One of our VCFA teachers has her students write an essay about who their ideal reader is. She isn’t my teacher (I swear I wish I could have them all!), but I want to do this little exercise anyway. Just for fun.
My ideal reader is 15 years old. Medium build,
medium height, and she gets average grades at school, but please don’t think there is anything average about her, inside or out. Her ears are shaped a little unusually. They are a bit elongated, like an elf’s. She is beautiful, and she is trying to believe it. She is brilliant, and she has no clue. She loves her baby sister fiercely. As for her parents? They mean well. She wouldn’t mind changing the world, if only she knew how. She is a secret modern art museum goer, though she hasn’t gone in a while.

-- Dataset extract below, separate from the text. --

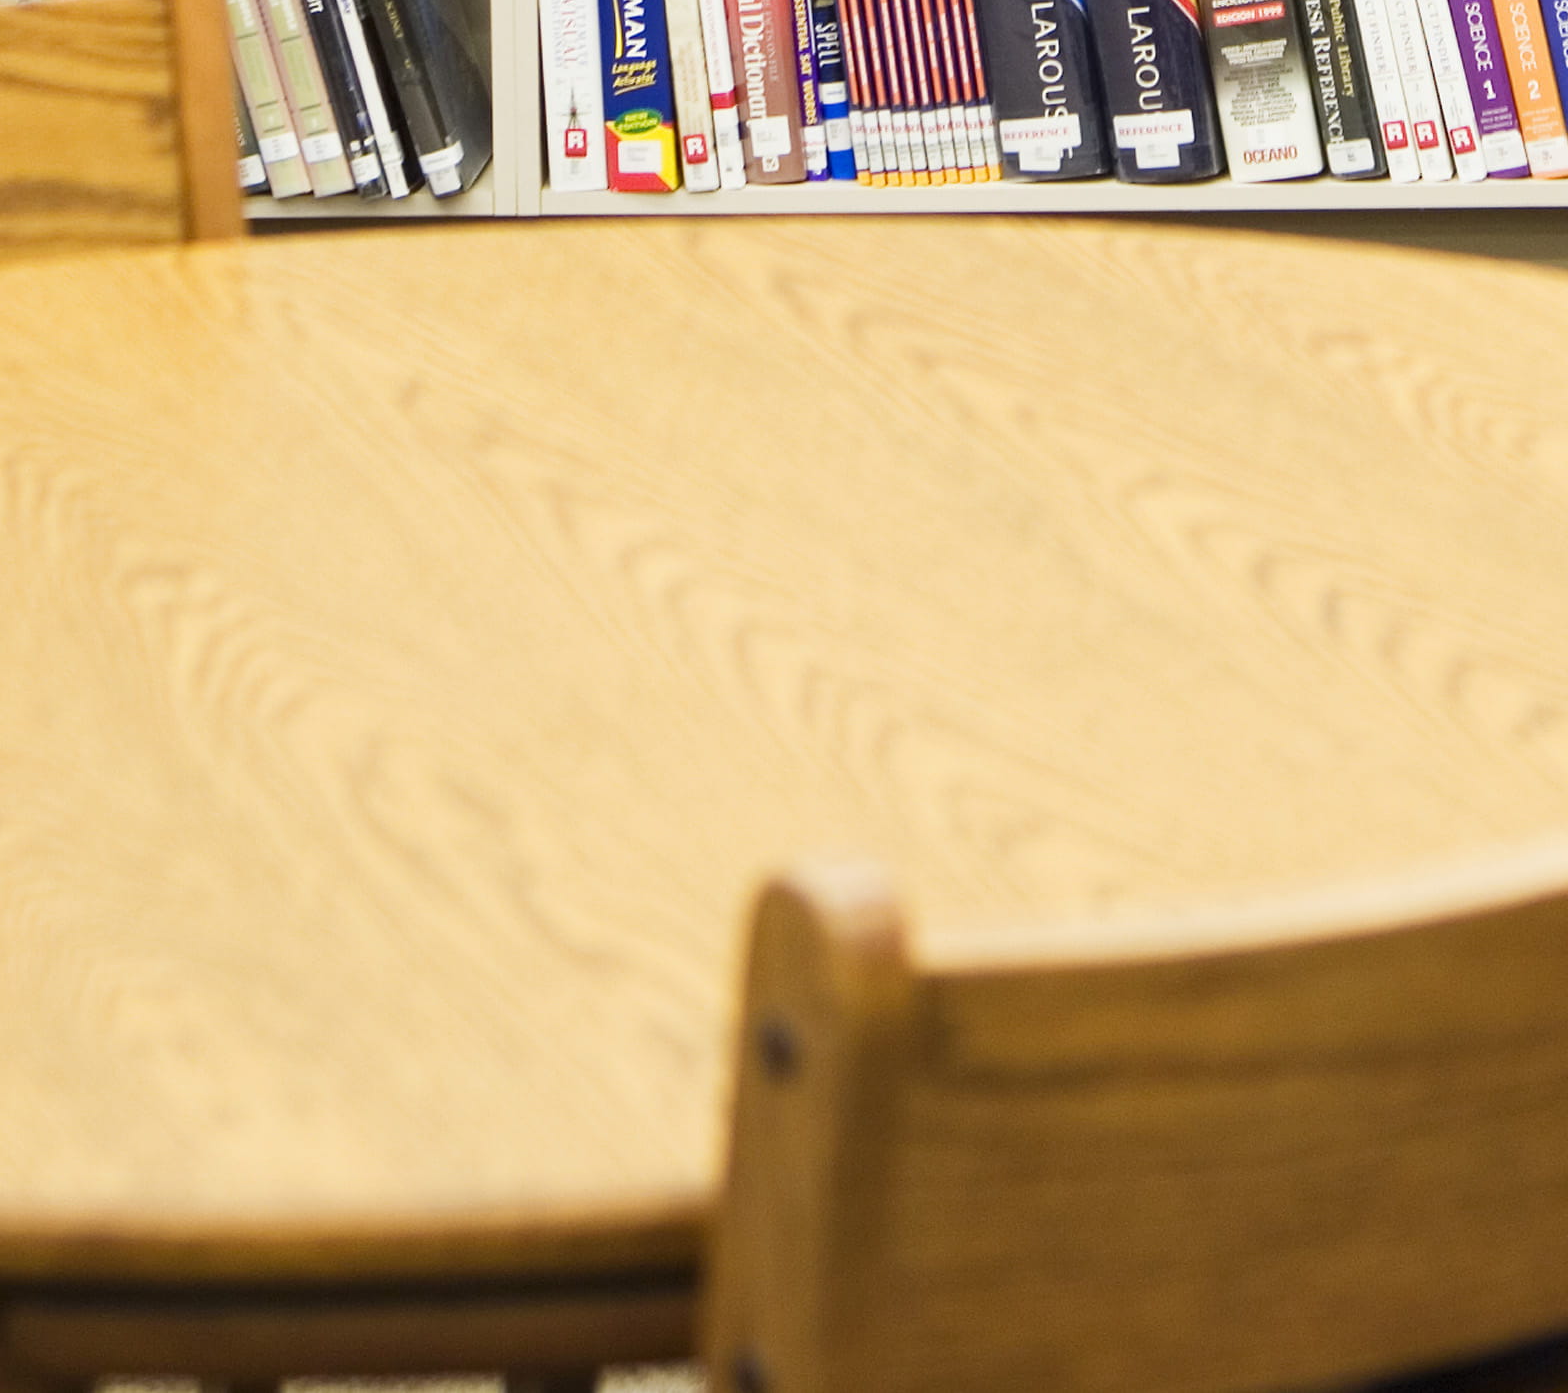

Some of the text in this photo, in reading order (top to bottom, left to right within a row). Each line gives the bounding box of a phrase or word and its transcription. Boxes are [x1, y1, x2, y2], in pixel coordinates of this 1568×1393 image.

[1127, 6, 1163, 113] LAROU
[1465, 2, 1493, 71] SCIENCE
[1483, 81, 1496, 100] 1

She wonders if her friends really know her: she wonders if anyone ever really knows anybody. She wonders a lot.
She’s a music junkie: anything from metal to pop and beyond; jazz and classical too, you know. She spends most of her days on the floor of her room, which is littered with books — lots of school drama and girl drama books, love stories, sci fi, fantasy, you name it, new stuff, and stuff that is old-to-the-point-of-embarrassing. There are also textbooks and tights, a long skirt, a guitar, a laptop, an old silver horseshoe souvenir from grandma, a horrendously bright temple T-shirt. Sometimes, on stressful days, or lonely ones, she smuggles ice cream and other snacks in here, so yeah, there’s also a stray wrapper or two.

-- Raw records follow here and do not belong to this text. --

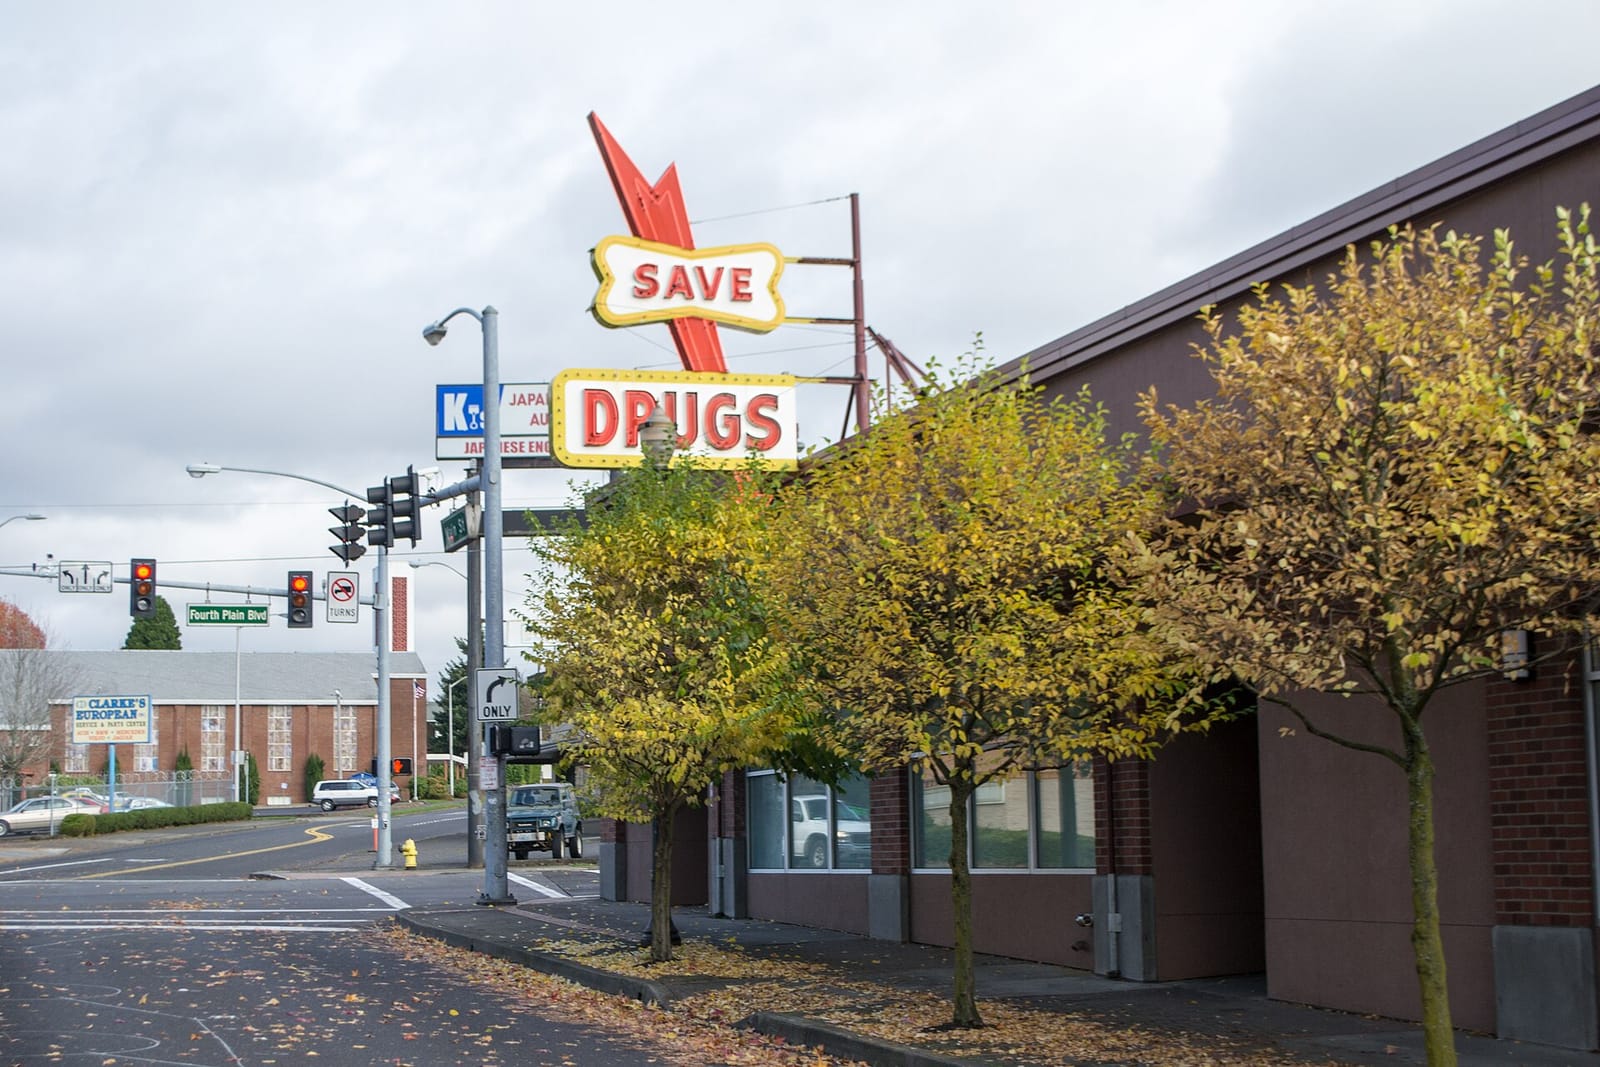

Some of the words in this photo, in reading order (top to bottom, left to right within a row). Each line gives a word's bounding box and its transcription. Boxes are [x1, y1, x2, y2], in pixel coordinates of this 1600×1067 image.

[633, 263, 753, 302] SAVE
[509, 393, 550, 407] JAPA
[190, 608, 220, 620] Fourth
[222, 609, 245, 620] Plain
[247, 609, 267, 620] Blvd
[330, 607, 356, 617] TURNS
[89, 698, 146, 709] CLARKE'S
[76, 709, 138, 720] EUROPEAN
[483, 705, 512, 718] ONLY

This floor is where she lives: reading, playing, thinking, doing homework, listening to music, texting, talking on her phone. This floor is where once upon a time she giggled with friends at sleepovers, then, later, much later, tried a cigarette, shared a first kiss. This floor is where she will read my book, lose herself yet again, in a new way, leaving behind the sound of the train passing outside her window and that bio test next week, and the text from her swimming practice teammate. Her earphones are in her ears, as always, but she doesn’t hear the music as she reads. She is falling in love. She’s putting together the puzzle pieces. She’s on the hunt for connections. She’s trying to figure out where the fantasy starts and the reality fades. She is finding her way in another world; she’s a world traveler. She is exploring what it means to be human right along with me.